Definitely look into getting advice to get caution removed as it sounds like she has not the capacity to understand a caution.
The nursery, police and solicitor do not come out of this well in my opinion.....

Bluetrews25 · 23/01/2016 19:17

I wonder if the thefts have continued?

lorelei9 · 23/01/2016 19:18

OP your description of your sister also matches one of my friends, he has these characteristics due to a physical disability and is annoyed if anyone thinks he has learning difficulties. That's another factor that makes me wonder how the police would know. You mention the address but it seems quite possible that either it wasn't recognised or if she filled it in, would anyone have looked at it? A pp also made the point that the volunteer post itself might have added to any impression that she might not be vulnerable.

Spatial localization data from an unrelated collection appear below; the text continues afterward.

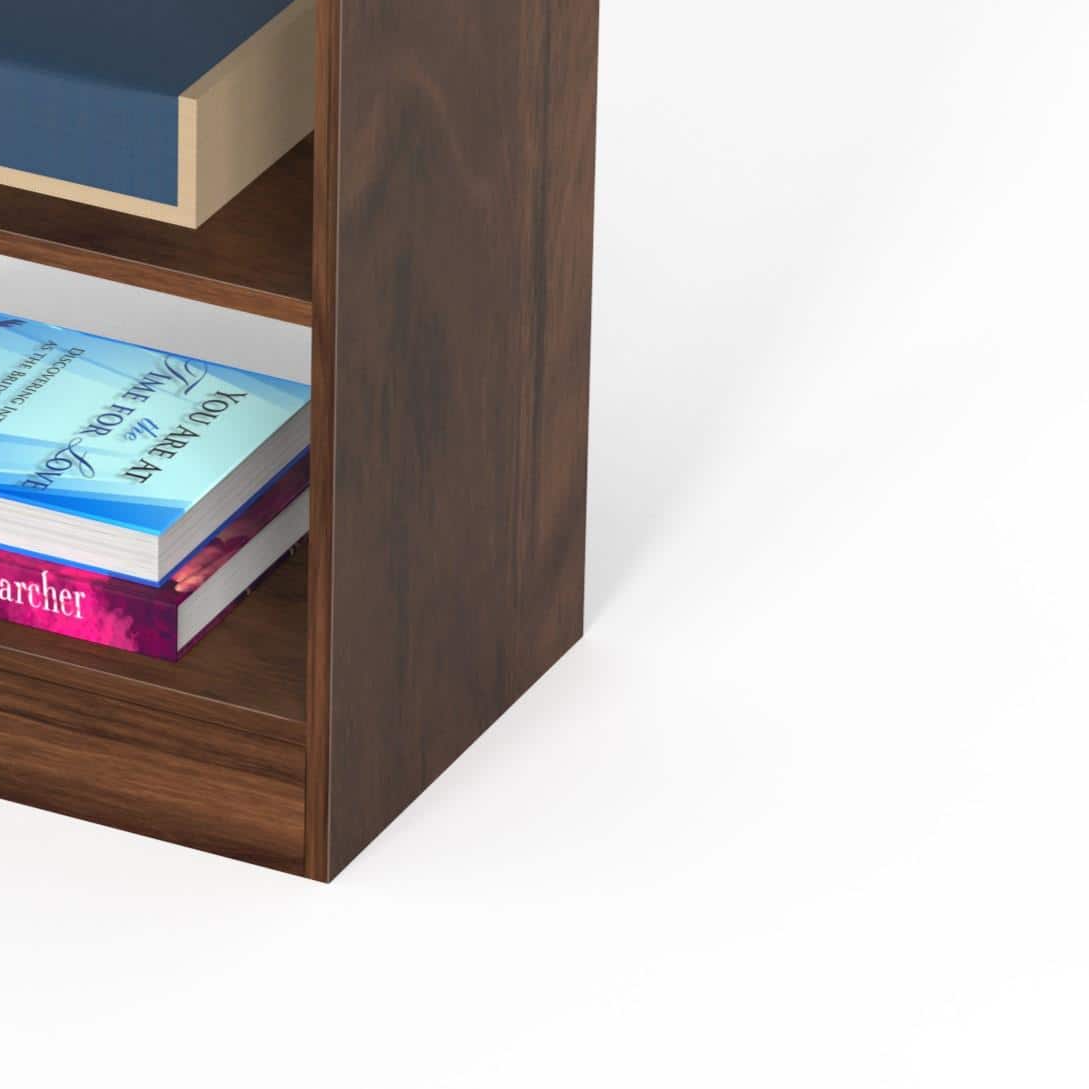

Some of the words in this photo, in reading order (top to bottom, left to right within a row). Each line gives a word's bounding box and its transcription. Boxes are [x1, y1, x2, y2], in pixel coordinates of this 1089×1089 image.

[19, 352, 47, 370] THE
[39, 340, 58, 353] AS
[10, 347, 86, 406] DISCOVERING
[80, 403, 136, 437] FOR
[188, 390, 248, 427] YOU
[125, 416, 160, 442] the
[148, 425, 200, 460] ARE
[124, 459, 163, 484] AT
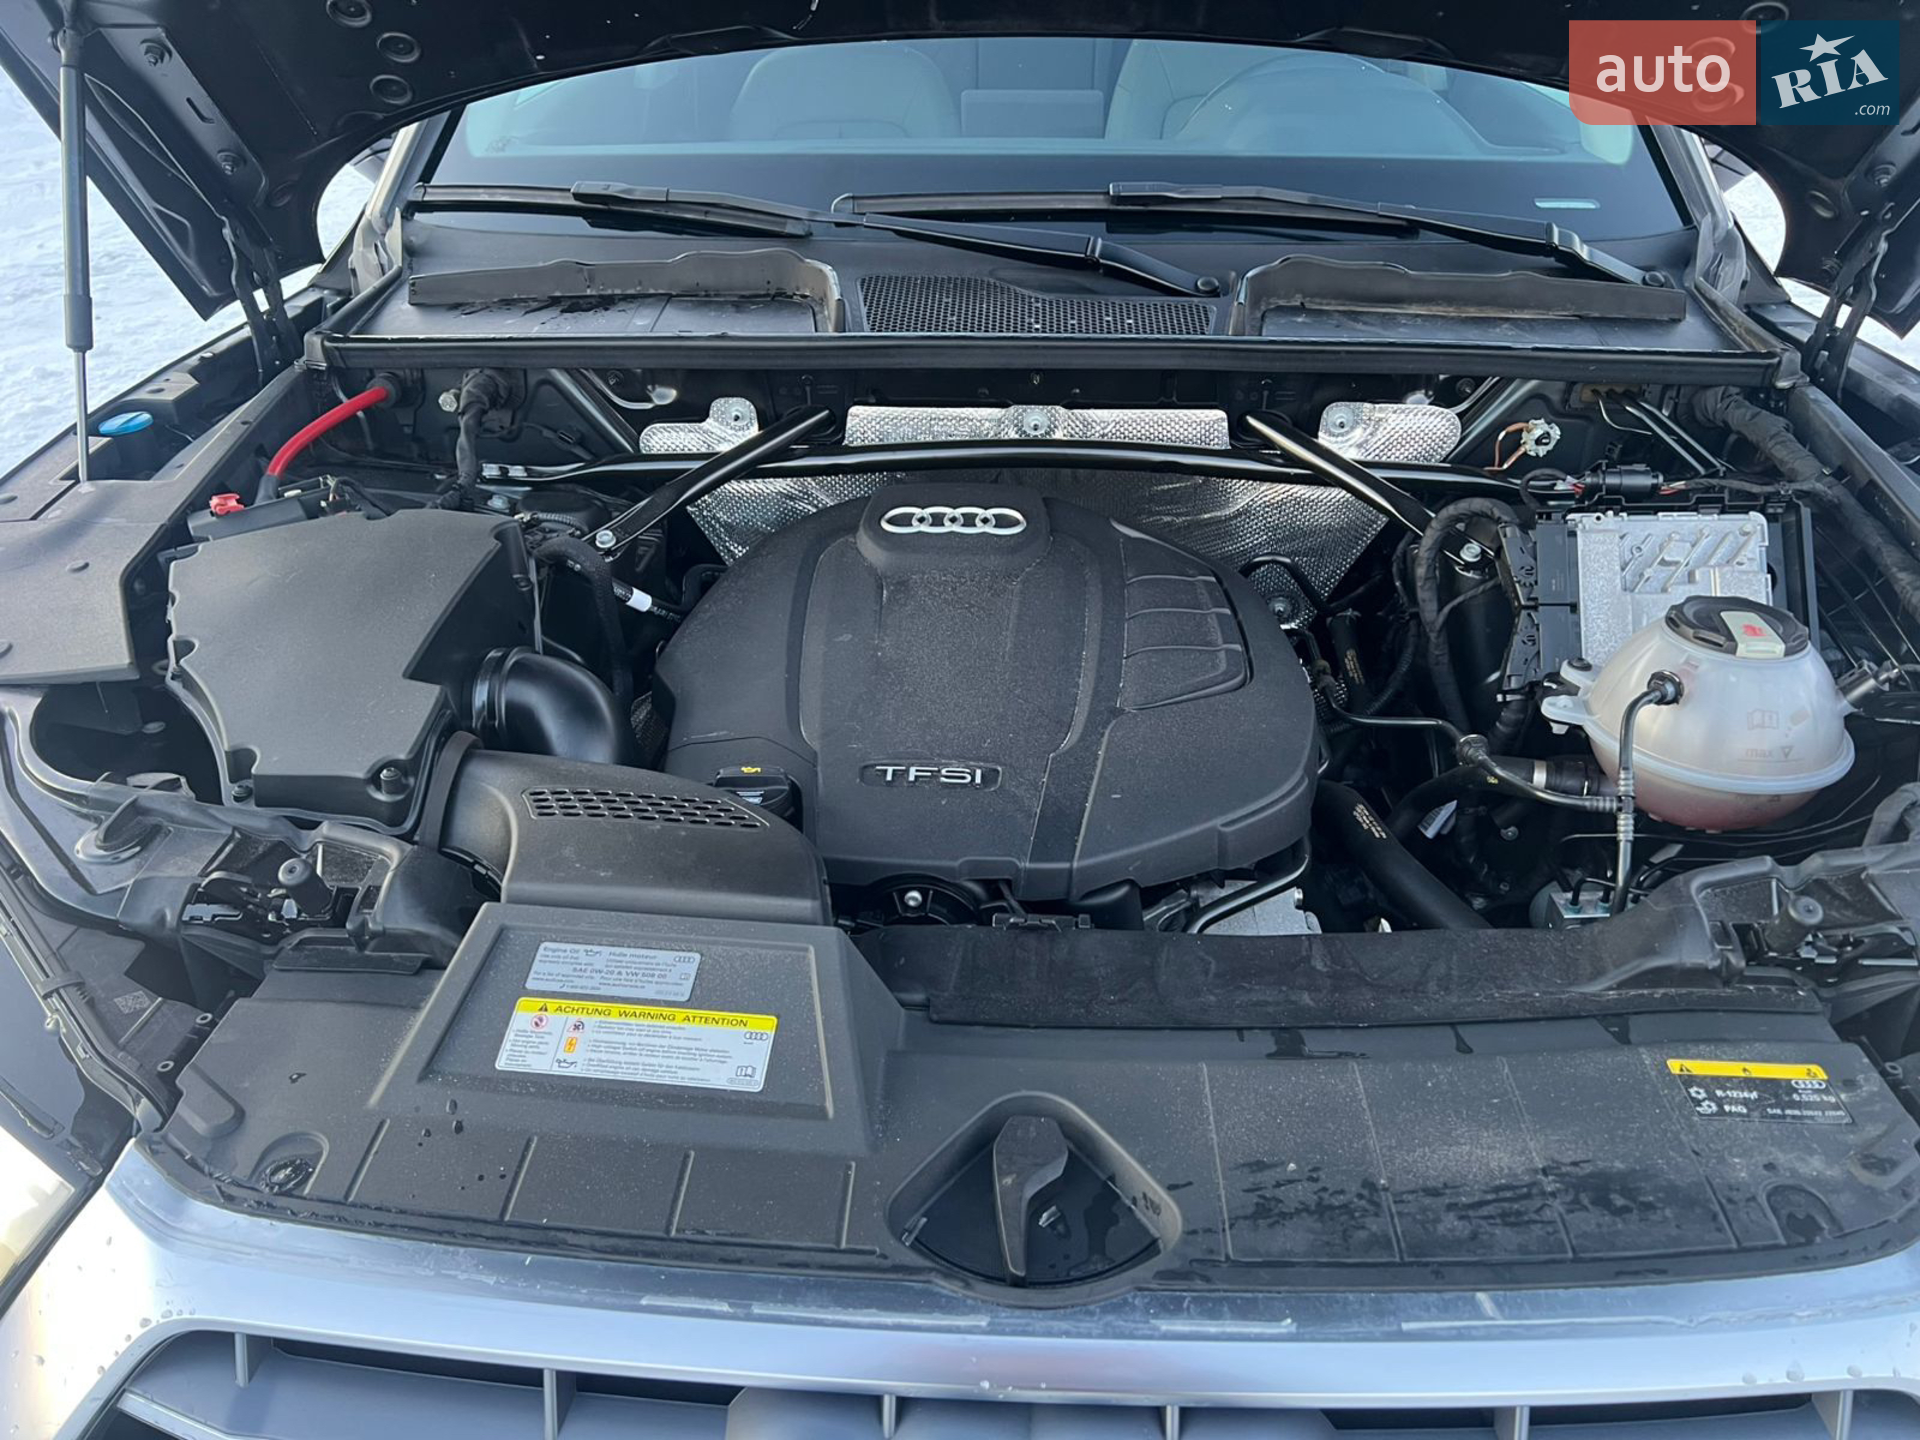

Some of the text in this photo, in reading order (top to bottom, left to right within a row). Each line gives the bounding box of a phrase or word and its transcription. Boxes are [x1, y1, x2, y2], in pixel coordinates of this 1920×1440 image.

[875, 765, 982, 784] TFSI
[554, 1004, 612, 1017] ACHTUNG
[618, 1009, 677, 1022] WARNING
[682, 1013, 749, 1028] ATTENTION

I think the whole thing needs to be voided but I'm just thinking that it might not be so obvious to someone meeting her for the first time.

ouryve · 23/01/2016 19:18

This is a useful link explaining how she should have been treated by the police. www.app.college.police.uk/app-content/detention-and-custody-2/detainee-care/mental-ill-health-and-learning-disabilities/

I did see a simpler document, a while back, but it didn't crop up in my search.